Suspended Light Pillars - CODAworx

Suspended Light Pillars

Client: General Services Administration

Location: SALT LAKE CITY, UT, United States

Completion date: 2014

Artwork budget: $900,000

Project Team

Architect

Thomas Phifer

Thomas Phifer Architect

Daylighting

Davidson Norris

Carpenter Norris Consulting

Overview

The lightweight suspended field of faceted forms defines the buildings vertical circulation experience.

JCDA’s 190’ high x 53’ wide x 3’ deep artwork is conceived as a suspended grid of vertically suspended hexagonal “pillars”, designed to suggest and mimic a cloud composed of ice crystals. Such ice clouds are common phenomena in the Salt Lake City area and occur when cold air and water in the upper atmosphere combine to create suspended ice crystals that often take the form of polygonal “pillars”. When aligned and then intersected by a beam of sunlight, these hexagons refract the light and create a range of atmospheric light effects such as halos and pillars.

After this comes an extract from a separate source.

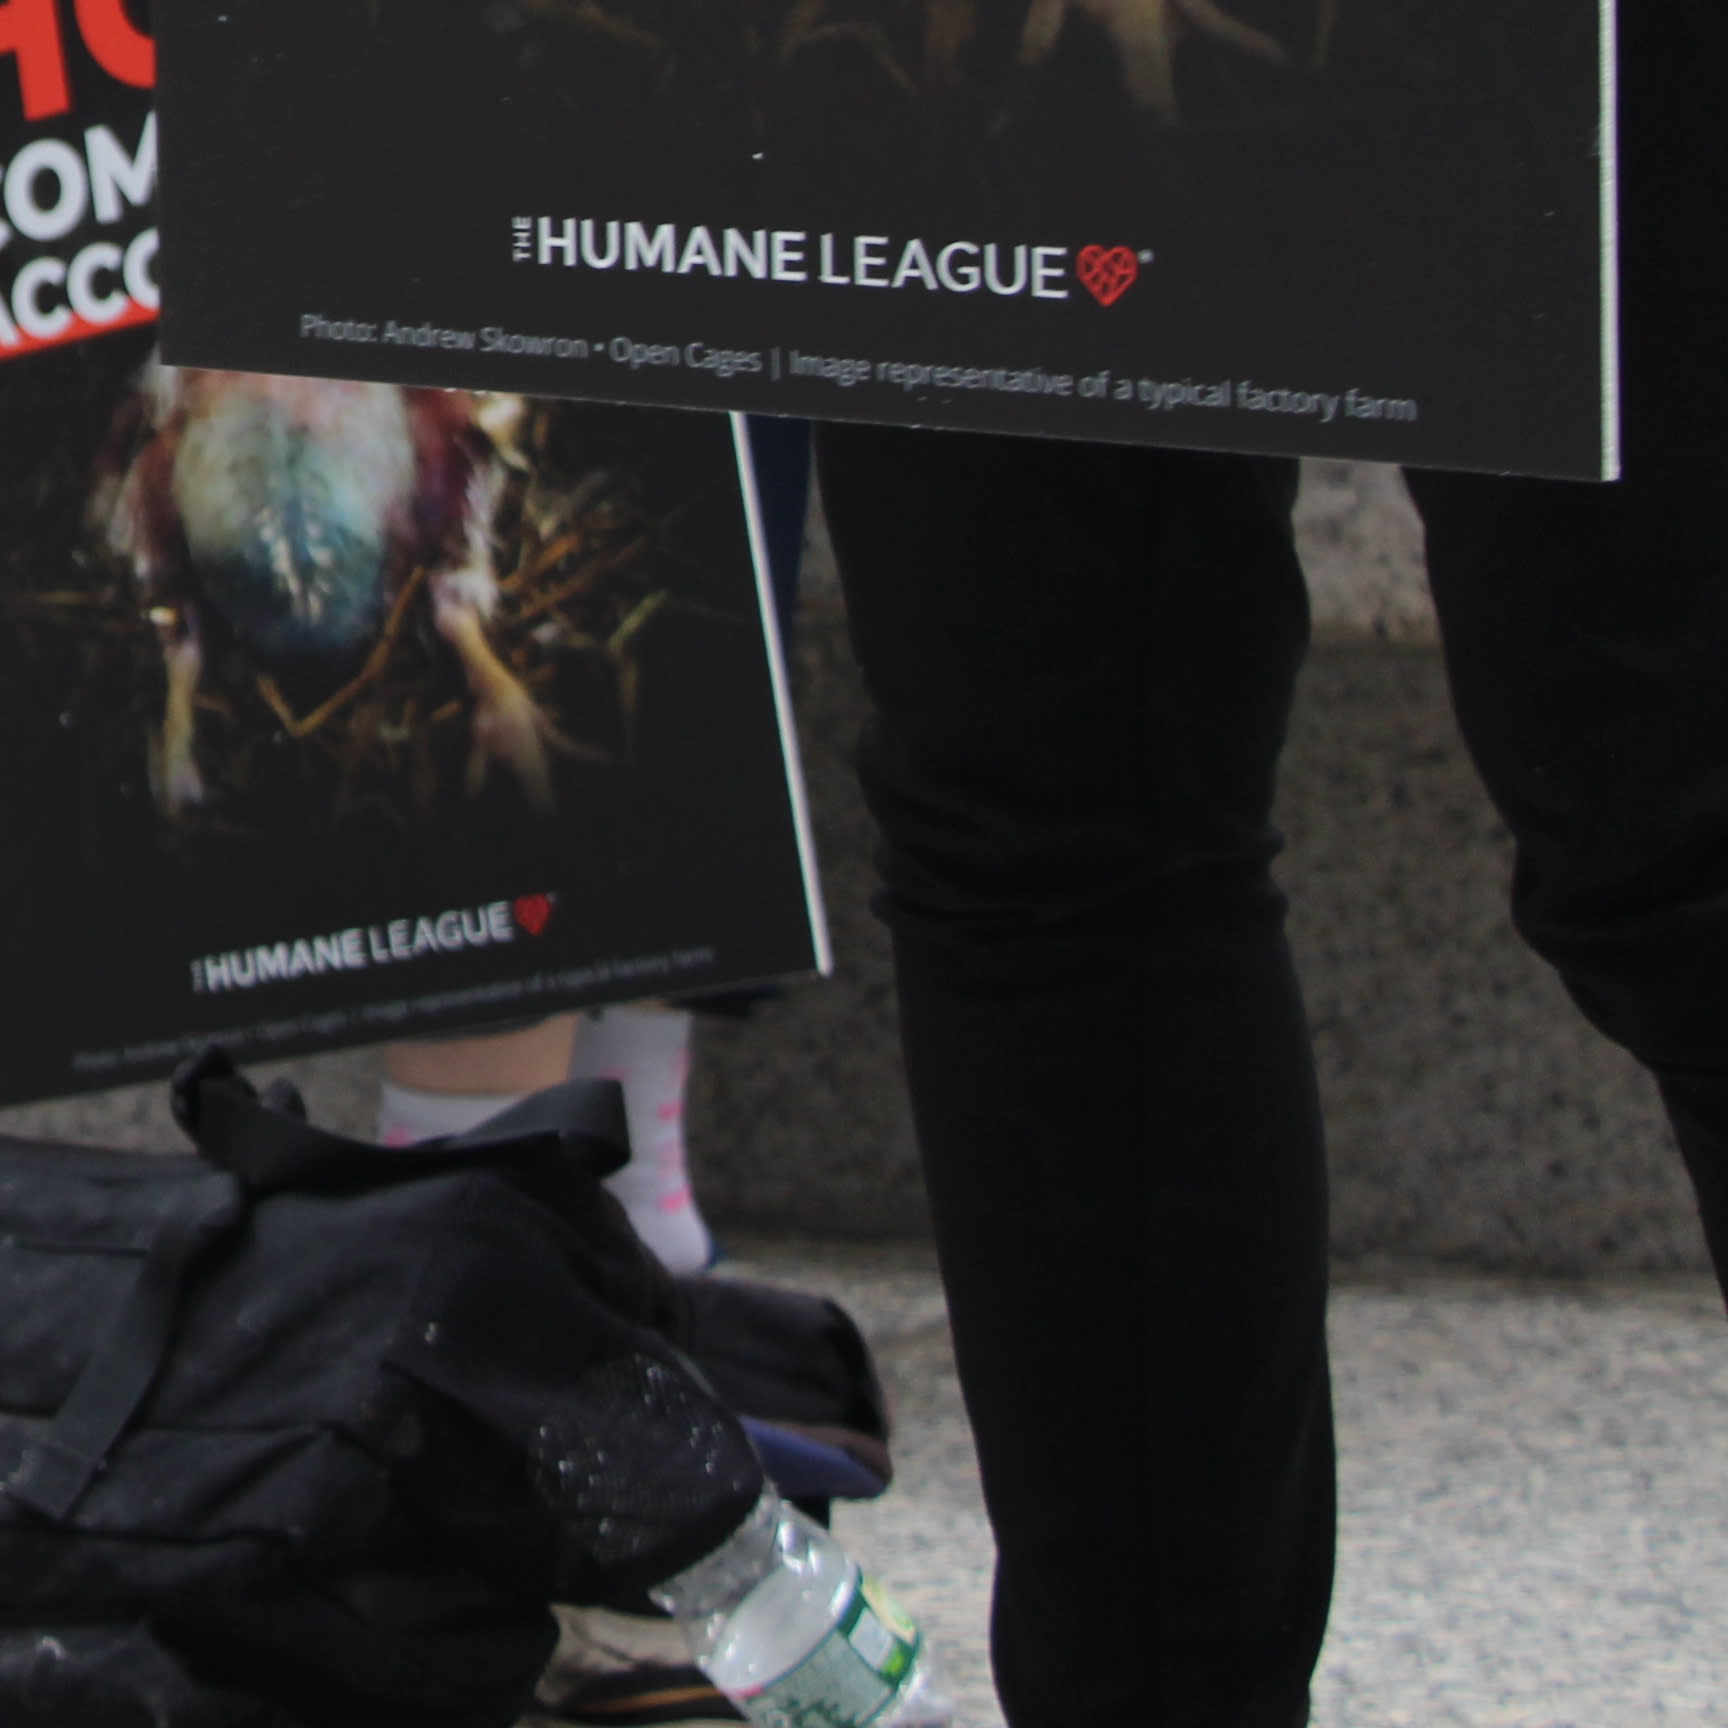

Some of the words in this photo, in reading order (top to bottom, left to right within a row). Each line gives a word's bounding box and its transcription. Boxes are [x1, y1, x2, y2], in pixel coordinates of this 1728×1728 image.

The art work’s 9 stacked fields of hexagonal tubes are, like the cloud borne ice crystals that inspire them, suspended and aligned. They are also intersected by beams of sunlight, projected into their midst by nine variously tilted mirrors below the skylight. Using reflection to emulate the refraction that occurs in clouds, the Suspended Light Pillars serve to evoke one of Salt Lake City’s signature visual phenomena

Goals

Commissioned by Art in Architecture Program of the U.S. General Services Administration, this sculpture occupies the entire height of sky-lit atrium at the elevator core and consists of optical aluminum, machined aluminum and stainless-steel rods.

Using reflection to emulate the phenomenal refraction that occurs in clouds, the Suspended Light Pillars serve to evoke one of Salt Lake City’s signature visual phenomena while marking the building’s vertical circulation.

Process

Adapting to changes in the architecture, an initial version of the artwork which proposed fluted science-glass tubes, evolved into the development of anodized and folded sheet aluminum hexagonal pillars attached to suspended and tensioned cables. The unique lightweight system allows for each pillar to be replaced if necessary. Various anodized colors and reflective surfaces are featured in each aluminum pillar, creating a subtle depth of reading and animating the light from the skylight above.

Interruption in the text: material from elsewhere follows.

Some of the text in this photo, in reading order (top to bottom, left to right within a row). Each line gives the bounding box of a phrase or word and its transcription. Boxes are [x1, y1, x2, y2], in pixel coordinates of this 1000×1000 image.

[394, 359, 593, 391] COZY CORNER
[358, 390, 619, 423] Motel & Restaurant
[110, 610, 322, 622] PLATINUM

Mirrors within the skylight additionally direct beams of light to the ground floor to coincide with noon throughout the year.

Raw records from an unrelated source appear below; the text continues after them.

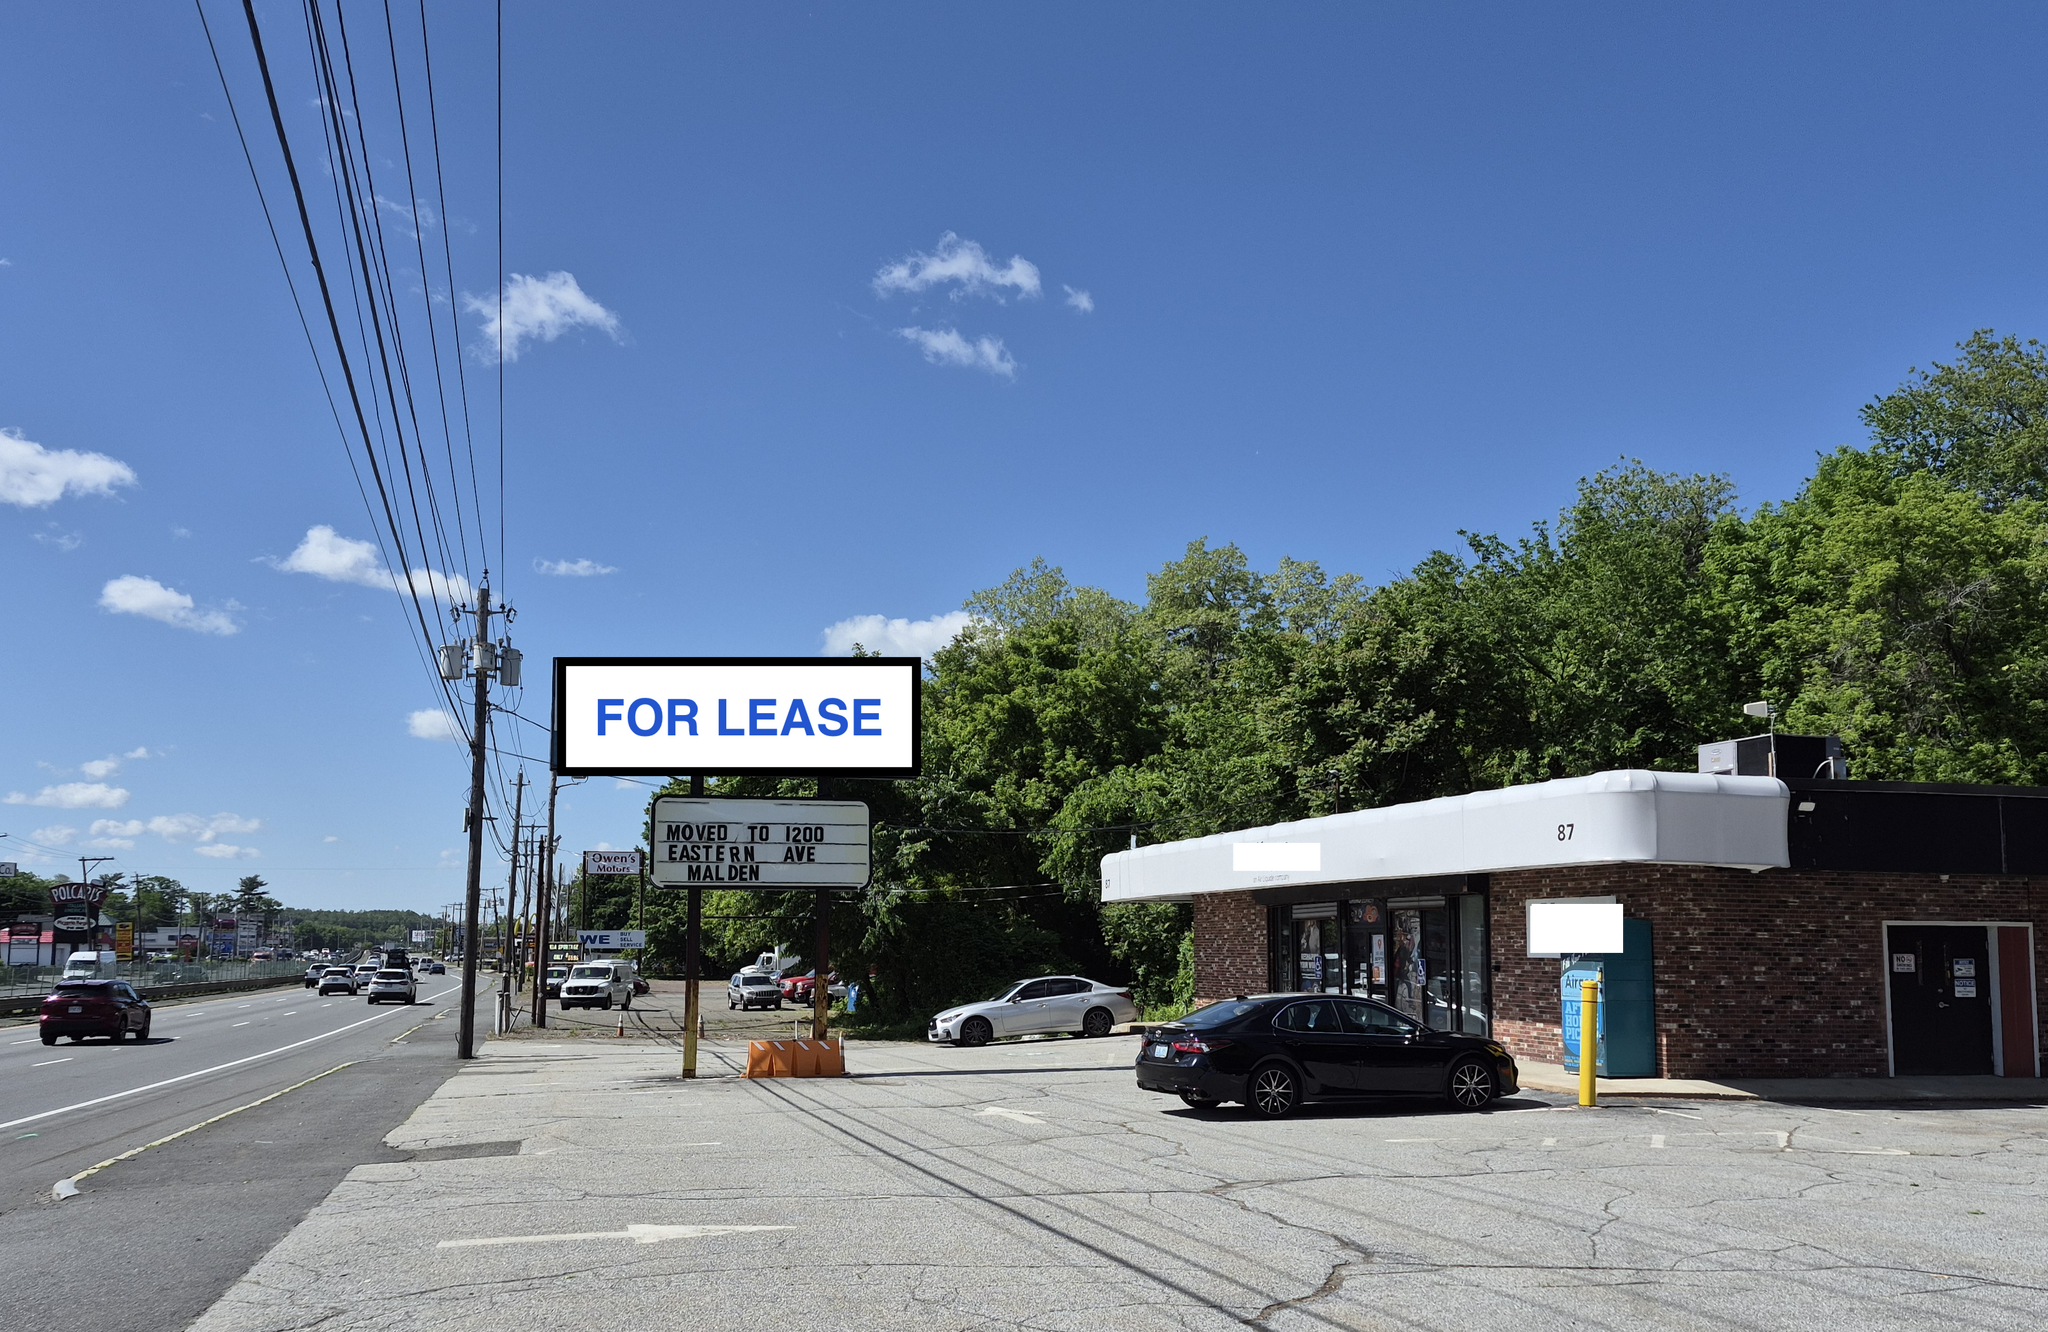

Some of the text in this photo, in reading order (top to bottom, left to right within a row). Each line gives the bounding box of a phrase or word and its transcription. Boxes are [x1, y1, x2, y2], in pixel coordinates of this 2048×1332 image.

[597, 697, 882, 737] FOR LEASE
[666, 824, 824, 842] MOVED TO 1200
[1557, 823, 1575, 841] 87
[592, 853, 636, 863] Owen's
[668, 844, 816, 862] EASTERN AVE
[596, 864, 631, 873] Motors
[687, 864, 760, 881] MALDEN
[580, 934, 611, 945] WE
[1896, 955, 1906, 963] NO
[1565, 974, 1594, 991] Airg
[1565, 1001, 1582, 1014] AFT

As in all our projects, drawings, renderings, physical scale models, full scale mock-ups and digital modelling were extensively used to establish the form, its performance and feasibility.

Additional Information

Daylighting was the driving theme for all the interior rooms and corridors of this public courthouse. The atrium artwork builds upon this theme. Depending on the viewer’s position (frontal versus the extremely oblique views looking up or down) the appearance of the field of suspended hexagonal elements fluctuates from static arrays to highly dynamic fields. Performing as a ‘solar clock’ marking midday, nine reflectors are located below the atrium skylight. Calibrated and fixed to redirect beams of sunlight down the more than 100’ deep atrium space, the mirrors illuminate the public circulation area at ground level with a bright pool of light.